(About this exercise):
Copy all records verbatim, images excluded.

Stored entries:
□ □ □ □ □ □ □

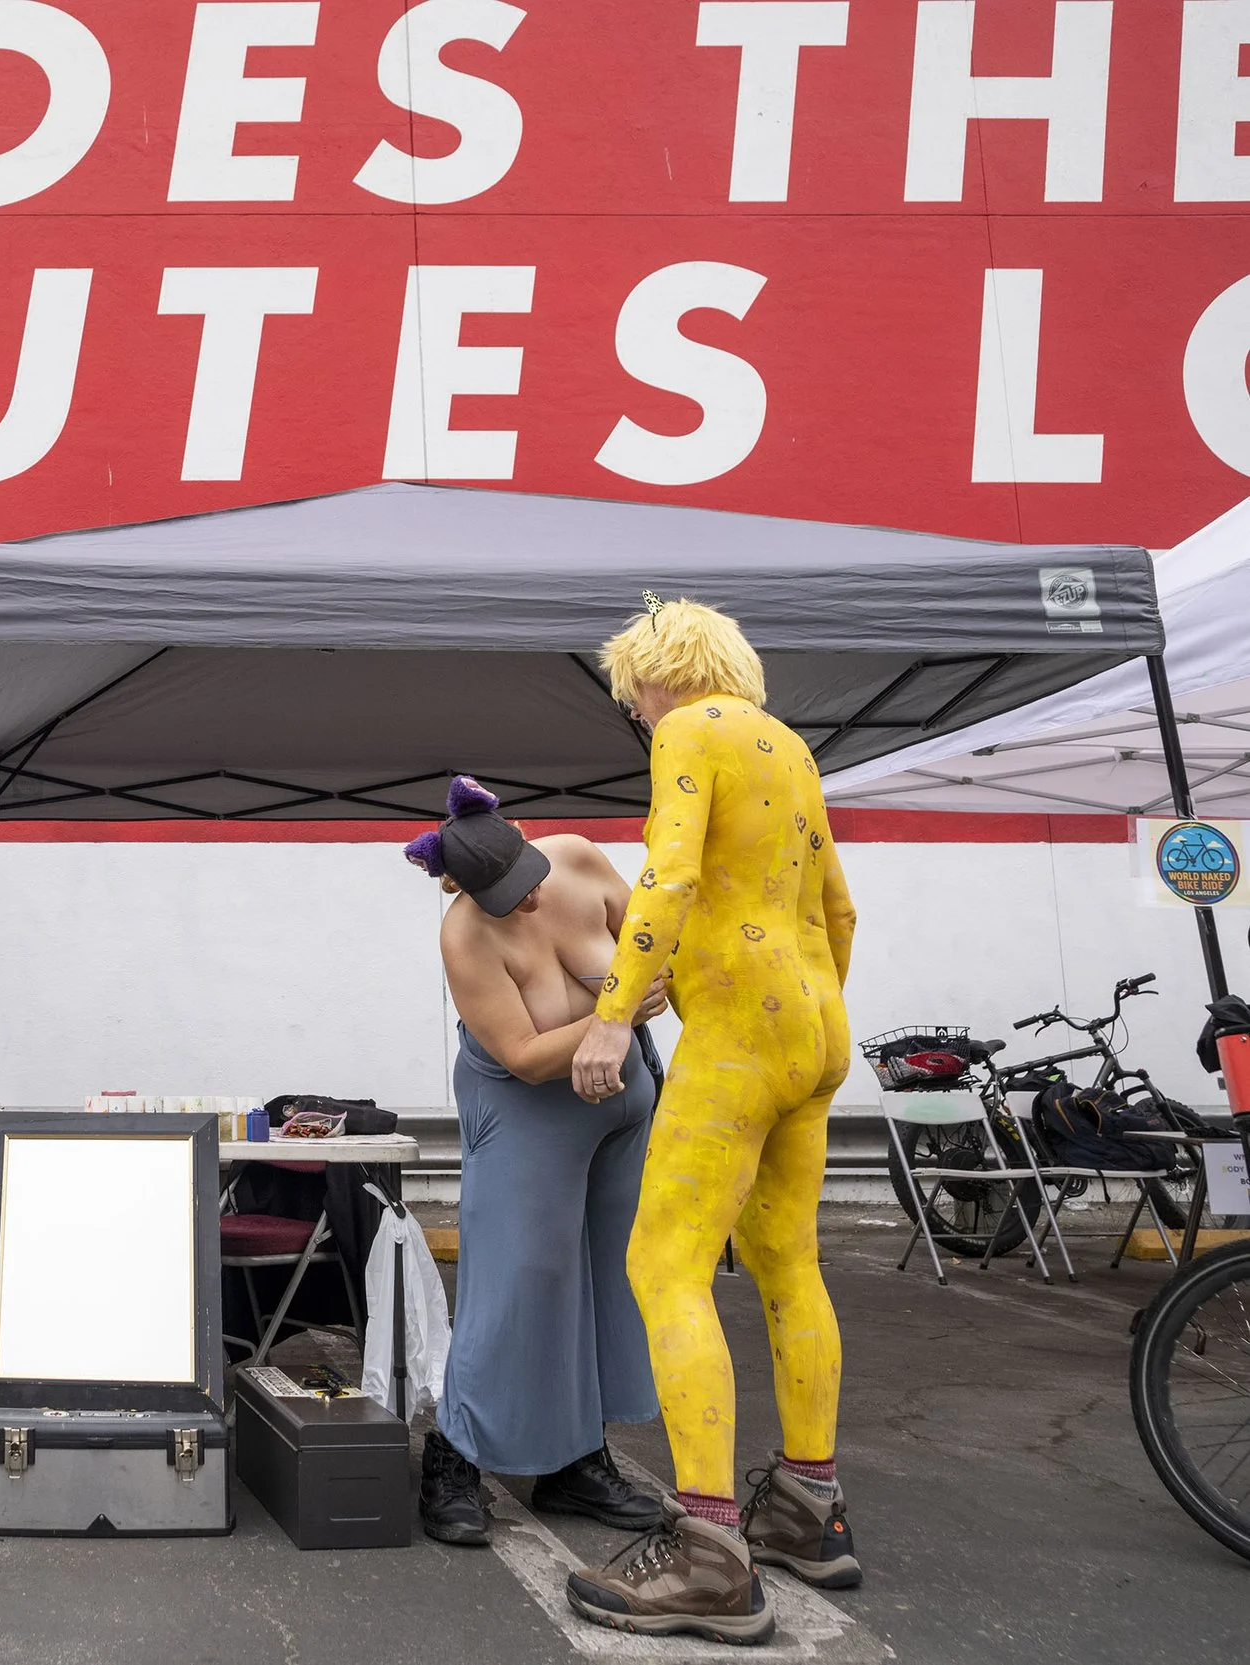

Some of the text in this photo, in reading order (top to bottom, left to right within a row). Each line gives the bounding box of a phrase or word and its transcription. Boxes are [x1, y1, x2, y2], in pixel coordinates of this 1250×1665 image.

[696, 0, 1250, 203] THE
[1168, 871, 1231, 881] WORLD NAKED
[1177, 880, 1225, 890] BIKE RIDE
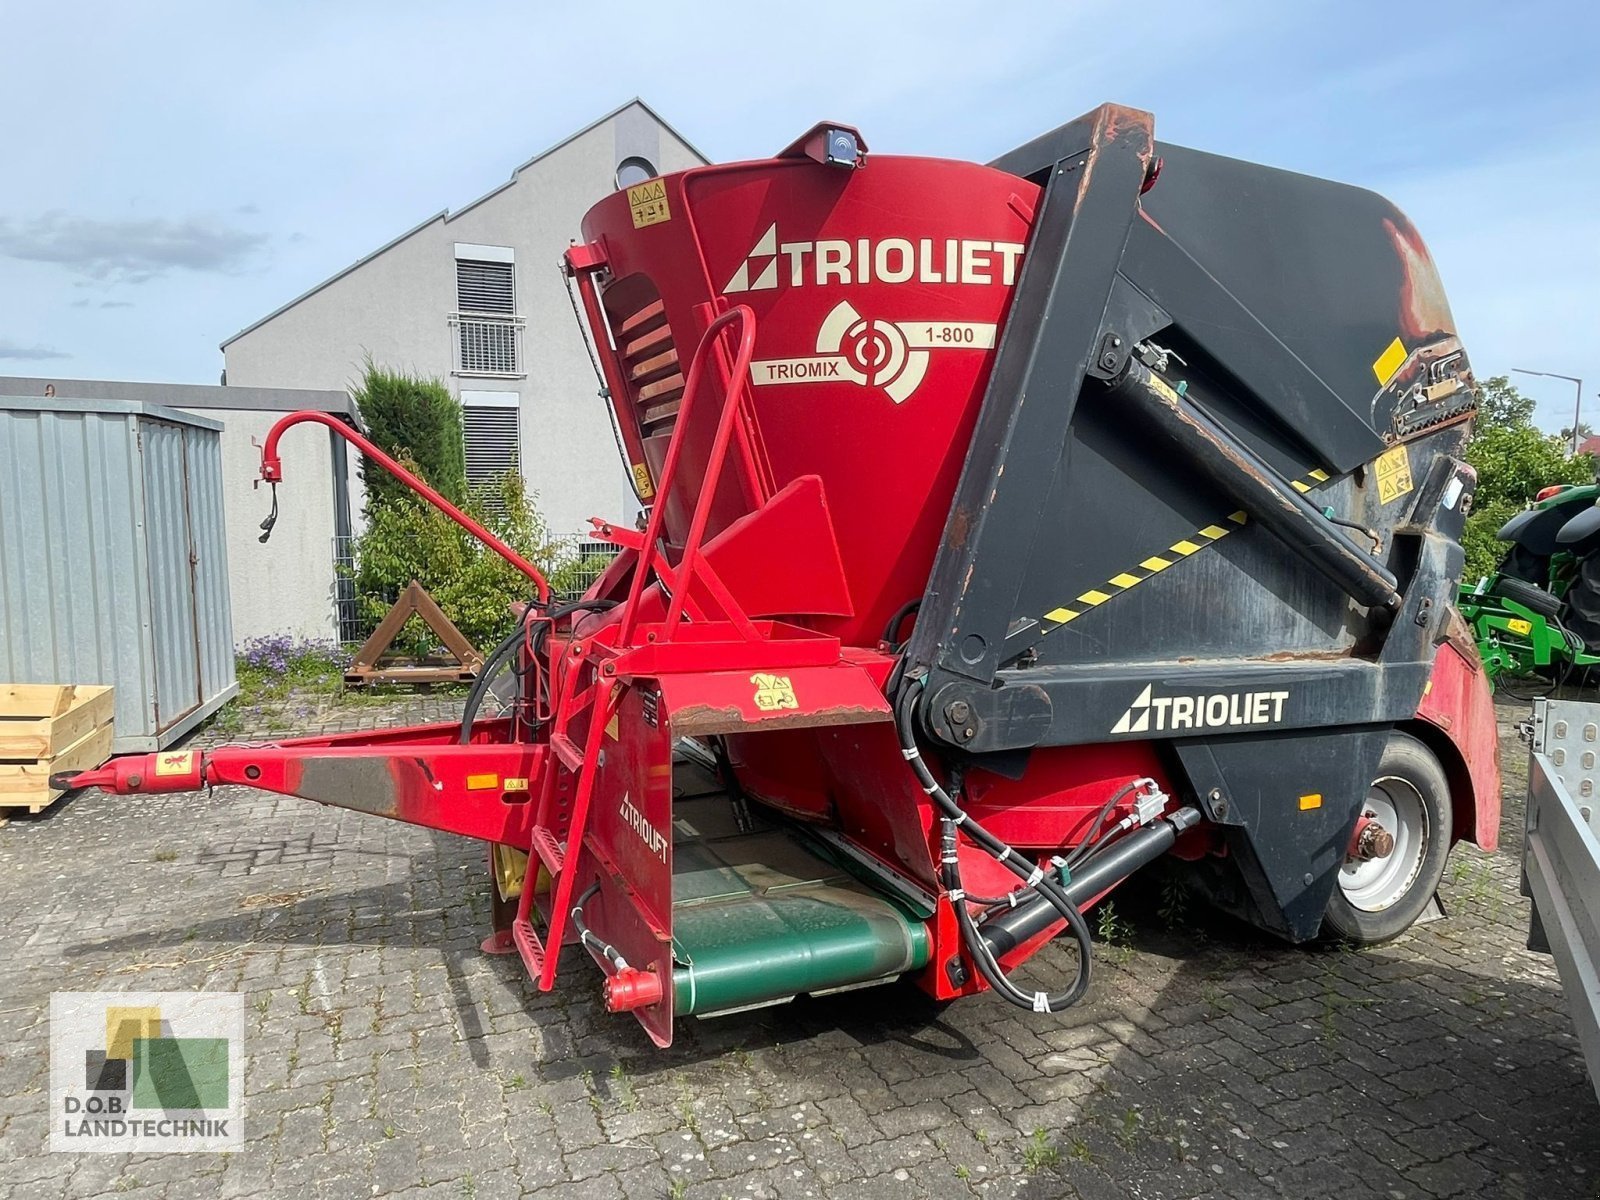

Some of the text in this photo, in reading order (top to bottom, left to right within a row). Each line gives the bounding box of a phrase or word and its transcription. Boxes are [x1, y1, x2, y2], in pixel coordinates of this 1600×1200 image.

□ □ □ □ □ □ □

(Answer box):
Some of the text in this photo, in reading order (top to bottom, left to right within a row). Each line gives the bounding box of a phrase or word and its transcription. Boxes are [x1, y1, x2, y2], in pixel coordinates of this 1250×1665 image.

[696, 0, 1250, 203] THE
[1168, 871, 1231, 881] WORLD NAKED
[1177, 880, 1225, 890] BIKE RIDE

Some of the text in this photo, in reading order (top to bottom, left to right within a row). Each line gives the bounding box of a phrase or word and its transcription. Boxes are [x1, y1, x2, y2], in pixel coordinates of this 1600×1200 image.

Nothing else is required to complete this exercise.